行政書士(専門家)の助言に基づく建設業許可(更新)要件の充足による円滑な事業承継

事業承継期間 事業承継を考えはじめてから社長交代までの期間・・・10年3か月
事業承継を考え始めてから株式の承継完了までの期間・・・11年2か月
キーワード 自社及び経営者個人の現状把握 / 継時期・年齢 / 建設業許可要件の引継ぎ

事業承継に取り組んだきっかけ

~社長高齢化による引退をきっかけにした計画的な親族内承継~
当時の社長(前社長)は自身のセカンドライフを充実化するため、ある一定年齢(高齢)による引退を予定する。親族内承継以外の事業承継は想定しないことから、息子たちに事業承継を打診する。結果、他社に勤務している次男を後継予定者とすることを決定する。ところが、建設業の許可を継続する関係から、次男が建設業許可要件の人的要件を充足しないことが判明する。人的要件を充足する者のヘッドハンティング等を考えていないことから、専門家である行政書士に相談することになった。



取り組み内容

当社は「電気」、「電気通信」、「消防施設」の3業種の許可を受けている。
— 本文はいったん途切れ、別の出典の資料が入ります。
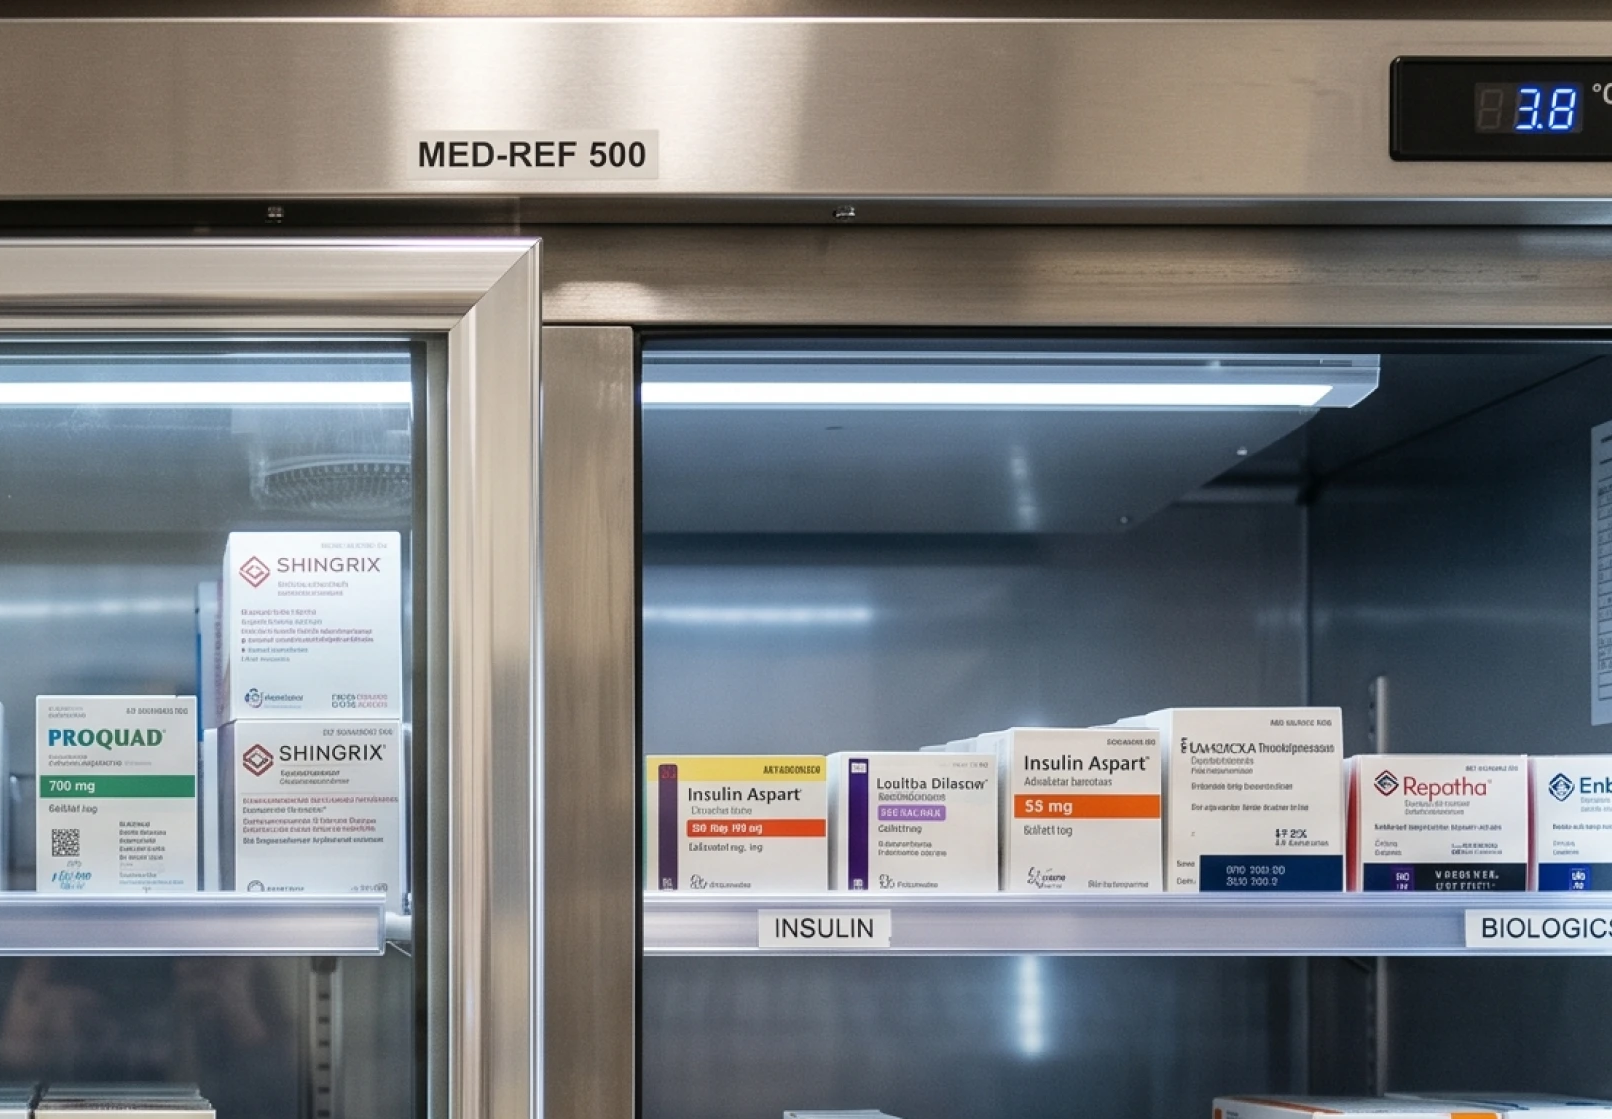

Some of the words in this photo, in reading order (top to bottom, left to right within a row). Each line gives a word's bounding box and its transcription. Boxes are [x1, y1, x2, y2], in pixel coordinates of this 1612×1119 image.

建設業の許可要件である人的要因は「経営業務管理責任者」及び「専任技術者」であり、これまで社長がその要件を充足してきた。事業承継後は、これを兼任する者を子息にすることを決定し、行政書士の助言によって、以下のとおり要件を充足し、許可の承継を行う方針を示した。
●「経営業務管理責任者」については、当社の取締役としての経験を5年以上積むこと
●「専任技術者」の要件では、「電気」については、「電気工事士」の資格を取得すること
●「消防施設」については「消防施設士」の資格を取得すること
●「電気通信」については「10年以上の実務経験を有する者(法第7条第2号ロ該当)」の要件を充足すること



事業承継の流れ

STEP.1
社長交代の11年前・・・次男を後継者とする承継方針の決定

他社(建設業以外の業種)に勤務する次男を後継者と決定する。公共工事を受注していることから建設業許可の継続が必要であり、そのため、専門家である行政書士に相談。次男1人で許可要件を満たす計画が立案される。

STEP.2
社長交代の10年前・・・建設業許可「人的要件」の充足

他社を退職した次男は、当社の取締役に就任して5年以上が経過する。電気工事士及び消防設備士の資格を取得し、当社にて電気通信工事の実務を10年経験する。これによって、許可要件を充足。許可の継続が担保される。

STEP.3
社長交代時・・・代表取締役・経営業務管理者等の変更

代表取締役社長を変更・登記する。社長は会長職として就任するが、実質的経営権は委譲する。同時に、「経営業務管理責任者」及び「専任技術者」の変更届を提出。「経営事項審査」のP点に影響はなく、営業ができている。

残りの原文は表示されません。